Work item:
In the records below, the line containing "this 1280×1280 image." is the first to keep. Retype it and all later lines exactly, through the end.

Segment Start: Extracted data

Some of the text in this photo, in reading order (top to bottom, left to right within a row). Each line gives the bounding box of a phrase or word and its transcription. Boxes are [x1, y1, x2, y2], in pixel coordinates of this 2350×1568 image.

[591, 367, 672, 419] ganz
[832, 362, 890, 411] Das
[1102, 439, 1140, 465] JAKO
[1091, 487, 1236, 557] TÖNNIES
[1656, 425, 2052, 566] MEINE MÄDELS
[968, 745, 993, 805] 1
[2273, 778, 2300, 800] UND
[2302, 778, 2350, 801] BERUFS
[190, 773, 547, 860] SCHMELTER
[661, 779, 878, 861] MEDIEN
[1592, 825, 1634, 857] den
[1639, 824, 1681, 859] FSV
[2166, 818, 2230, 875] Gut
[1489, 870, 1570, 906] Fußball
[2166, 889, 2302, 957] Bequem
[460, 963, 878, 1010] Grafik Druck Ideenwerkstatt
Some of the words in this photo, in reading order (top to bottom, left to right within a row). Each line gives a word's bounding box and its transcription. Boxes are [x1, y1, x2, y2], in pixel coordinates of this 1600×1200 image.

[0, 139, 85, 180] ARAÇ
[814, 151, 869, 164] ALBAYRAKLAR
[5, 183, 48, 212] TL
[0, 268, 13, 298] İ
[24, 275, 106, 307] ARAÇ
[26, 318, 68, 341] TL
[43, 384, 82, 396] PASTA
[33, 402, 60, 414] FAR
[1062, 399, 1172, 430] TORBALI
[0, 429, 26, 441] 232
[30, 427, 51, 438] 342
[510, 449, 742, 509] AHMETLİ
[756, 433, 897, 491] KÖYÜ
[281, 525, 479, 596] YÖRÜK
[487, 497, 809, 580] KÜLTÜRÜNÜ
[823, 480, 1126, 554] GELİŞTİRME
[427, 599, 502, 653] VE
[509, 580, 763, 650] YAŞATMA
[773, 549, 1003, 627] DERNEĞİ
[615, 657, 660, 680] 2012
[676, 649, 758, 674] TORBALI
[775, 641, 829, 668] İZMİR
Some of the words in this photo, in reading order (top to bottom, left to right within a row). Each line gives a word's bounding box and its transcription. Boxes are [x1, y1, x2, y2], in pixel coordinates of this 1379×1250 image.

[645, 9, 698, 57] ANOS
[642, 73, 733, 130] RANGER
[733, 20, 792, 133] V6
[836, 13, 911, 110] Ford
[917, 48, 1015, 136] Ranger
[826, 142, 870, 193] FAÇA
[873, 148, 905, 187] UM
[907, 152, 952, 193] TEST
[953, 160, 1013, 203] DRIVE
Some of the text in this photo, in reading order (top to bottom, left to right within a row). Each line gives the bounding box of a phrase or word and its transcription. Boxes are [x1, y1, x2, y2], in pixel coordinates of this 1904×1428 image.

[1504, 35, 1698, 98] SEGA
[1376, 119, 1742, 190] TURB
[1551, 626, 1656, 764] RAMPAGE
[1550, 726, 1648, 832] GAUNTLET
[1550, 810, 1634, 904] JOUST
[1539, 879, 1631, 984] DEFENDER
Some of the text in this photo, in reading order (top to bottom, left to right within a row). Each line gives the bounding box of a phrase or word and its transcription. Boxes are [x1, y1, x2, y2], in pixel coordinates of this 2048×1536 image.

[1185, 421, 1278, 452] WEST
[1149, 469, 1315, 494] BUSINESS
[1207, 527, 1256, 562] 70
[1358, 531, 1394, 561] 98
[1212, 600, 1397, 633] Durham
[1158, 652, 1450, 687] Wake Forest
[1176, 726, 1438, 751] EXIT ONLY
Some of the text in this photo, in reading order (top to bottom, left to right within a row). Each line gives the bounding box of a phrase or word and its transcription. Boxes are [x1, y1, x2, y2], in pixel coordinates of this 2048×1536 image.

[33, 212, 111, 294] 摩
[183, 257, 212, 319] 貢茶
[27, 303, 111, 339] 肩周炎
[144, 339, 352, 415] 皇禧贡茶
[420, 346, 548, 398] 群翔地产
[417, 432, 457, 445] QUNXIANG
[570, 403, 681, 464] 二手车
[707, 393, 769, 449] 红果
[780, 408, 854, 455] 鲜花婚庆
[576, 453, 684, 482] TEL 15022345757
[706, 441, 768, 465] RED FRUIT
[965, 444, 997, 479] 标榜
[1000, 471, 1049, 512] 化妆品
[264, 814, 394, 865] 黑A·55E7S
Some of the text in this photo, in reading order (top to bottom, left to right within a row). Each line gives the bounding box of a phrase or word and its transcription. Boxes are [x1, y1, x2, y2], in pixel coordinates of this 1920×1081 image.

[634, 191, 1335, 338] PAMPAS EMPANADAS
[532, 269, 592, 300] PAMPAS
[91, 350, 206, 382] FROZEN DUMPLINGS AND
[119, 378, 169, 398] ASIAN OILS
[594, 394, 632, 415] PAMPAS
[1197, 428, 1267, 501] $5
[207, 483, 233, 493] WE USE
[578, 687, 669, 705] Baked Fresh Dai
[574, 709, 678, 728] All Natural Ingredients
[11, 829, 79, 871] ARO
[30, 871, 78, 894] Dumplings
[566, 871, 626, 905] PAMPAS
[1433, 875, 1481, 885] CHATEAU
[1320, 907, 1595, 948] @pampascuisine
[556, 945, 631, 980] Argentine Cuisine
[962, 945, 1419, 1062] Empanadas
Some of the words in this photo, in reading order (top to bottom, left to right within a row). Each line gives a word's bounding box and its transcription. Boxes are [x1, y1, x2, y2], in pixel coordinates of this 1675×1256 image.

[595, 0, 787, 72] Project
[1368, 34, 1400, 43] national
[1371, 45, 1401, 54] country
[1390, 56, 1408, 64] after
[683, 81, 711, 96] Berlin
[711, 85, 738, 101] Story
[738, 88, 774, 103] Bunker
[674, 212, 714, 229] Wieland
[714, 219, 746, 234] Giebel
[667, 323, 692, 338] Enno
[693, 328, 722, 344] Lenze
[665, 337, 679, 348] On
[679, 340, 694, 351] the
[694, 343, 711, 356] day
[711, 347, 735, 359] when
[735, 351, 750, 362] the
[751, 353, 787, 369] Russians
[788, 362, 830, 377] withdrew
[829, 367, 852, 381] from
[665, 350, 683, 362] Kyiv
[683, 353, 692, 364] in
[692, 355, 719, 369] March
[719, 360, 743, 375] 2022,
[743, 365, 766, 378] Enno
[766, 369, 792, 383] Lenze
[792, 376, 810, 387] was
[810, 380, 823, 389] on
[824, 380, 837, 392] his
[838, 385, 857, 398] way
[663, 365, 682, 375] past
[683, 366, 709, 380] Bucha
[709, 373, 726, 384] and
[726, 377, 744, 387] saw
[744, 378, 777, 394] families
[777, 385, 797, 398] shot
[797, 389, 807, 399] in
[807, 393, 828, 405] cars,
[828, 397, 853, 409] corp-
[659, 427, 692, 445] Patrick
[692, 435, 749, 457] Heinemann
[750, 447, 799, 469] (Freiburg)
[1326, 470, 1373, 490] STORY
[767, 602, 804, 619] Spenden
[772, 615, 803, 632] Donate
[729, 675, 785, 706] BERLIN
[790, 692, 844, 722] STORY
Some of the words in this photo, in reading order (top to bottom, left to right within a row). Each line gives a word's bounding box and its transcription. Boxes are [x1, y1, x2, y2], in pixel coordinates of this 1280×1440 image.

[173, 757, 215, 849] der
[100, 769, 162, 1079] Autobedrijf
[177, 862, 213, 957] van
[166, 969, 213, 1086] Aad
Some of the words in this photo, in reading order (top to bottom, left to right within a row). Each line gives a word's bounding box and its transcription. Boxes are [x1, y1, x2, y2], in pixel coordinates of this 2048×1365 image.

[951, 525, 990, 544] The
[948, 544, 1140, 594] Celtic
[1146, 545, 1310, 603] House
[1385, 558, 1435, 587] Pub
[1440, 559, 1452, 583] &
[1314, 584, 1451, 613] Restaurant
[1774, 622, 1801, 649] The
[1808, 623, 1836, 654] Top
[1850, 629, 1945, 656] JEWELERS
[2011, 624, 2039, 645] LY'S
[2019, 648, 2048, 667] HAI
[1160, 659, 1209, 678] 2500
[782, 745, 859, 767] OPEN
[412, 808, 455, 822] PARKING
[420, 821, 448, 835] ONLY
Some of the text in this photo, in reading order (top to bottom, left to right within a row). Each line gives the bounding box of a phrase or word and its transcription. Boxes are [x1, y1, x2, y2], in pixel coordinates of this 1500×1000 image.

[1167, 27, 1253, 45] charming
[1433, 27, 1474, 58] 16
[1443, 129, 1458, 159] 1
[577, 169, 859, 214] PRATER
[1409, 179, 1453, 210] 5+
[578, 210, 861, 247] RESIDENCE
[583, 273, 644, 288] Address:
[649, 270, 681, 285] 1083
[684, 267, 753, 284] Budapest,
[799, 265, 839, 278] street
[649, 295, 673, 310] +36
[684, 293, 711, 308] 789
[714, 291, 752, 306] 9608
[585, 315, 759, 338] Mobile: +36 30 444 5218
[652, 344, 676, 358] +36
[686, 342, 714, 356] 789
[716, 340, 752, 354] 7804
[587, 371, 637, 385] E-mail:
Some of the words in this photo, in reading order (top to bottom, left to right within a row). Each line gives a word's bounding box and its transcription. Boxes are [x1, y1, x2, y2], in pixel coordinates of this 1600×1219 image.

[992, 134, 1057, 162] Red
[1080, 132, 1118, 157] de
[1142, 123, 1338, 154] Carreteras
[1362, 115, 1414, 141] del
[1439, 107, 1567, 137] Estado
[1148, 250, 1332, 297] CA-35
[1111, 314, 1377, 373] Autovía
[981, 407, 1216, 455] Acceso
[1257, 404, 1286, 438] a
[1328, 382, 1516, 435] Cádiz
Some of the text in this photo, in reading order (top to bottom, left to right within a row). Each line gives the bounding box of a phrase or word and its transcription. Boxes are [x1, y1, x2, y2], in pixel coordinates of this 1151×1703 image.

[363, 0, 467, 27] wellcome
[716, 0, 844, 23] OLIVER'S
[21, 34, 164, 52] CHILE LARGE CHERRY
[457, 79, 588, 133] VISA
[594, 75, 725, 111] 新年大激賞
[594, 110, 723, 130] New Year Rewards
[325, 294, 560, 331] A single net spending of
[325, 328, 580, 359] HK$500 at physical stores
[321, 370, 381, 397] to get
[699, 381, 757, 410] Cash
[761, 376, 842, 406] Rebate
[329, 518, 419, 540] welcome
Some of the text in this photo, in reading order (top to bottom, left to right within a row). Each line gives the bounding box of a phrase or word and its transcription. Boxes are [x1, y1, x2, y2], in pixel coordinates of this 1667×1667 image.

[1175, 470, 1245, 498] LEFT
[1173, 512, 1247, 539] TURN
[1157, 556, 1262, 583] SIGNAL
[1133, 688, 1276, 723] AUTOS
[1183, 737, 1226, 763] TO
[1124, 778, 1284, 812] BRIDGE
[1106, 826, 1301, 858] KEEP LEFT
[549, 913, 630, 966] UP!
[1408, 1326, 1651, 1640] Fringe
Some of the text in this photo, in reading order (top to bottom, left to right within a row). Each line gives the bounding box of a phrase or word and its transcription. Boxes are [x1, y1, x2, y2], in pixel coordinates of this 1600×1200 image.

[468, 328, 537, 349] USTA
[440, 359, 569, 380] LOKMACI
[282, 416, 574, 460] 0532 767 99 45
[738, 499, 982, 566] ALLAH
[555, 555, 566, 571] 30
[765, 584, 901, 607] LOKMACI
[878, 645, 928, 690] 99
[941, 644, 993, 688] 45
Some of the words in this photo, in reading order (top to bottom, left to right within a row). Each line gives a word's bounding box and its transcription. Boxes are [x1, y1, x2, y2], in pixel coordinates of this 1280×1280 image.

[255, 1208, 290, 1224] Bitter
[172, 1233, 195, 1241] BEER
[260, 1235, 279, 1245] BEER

Segment End: Extracted data

Exercise response:
Some of the words in this photo, in reading order (top to bottom, left to right within a row). Each line gives a word's bounding box and its transcription. Boxes are [x1, y1, x2, y2], in pixel coordinates of this 1280×1280 image.

[255, 1208, 290, 1224] Bitter
[172, 1233, 195, 1241] BEER
[260, 1235, 279, 1245] BEER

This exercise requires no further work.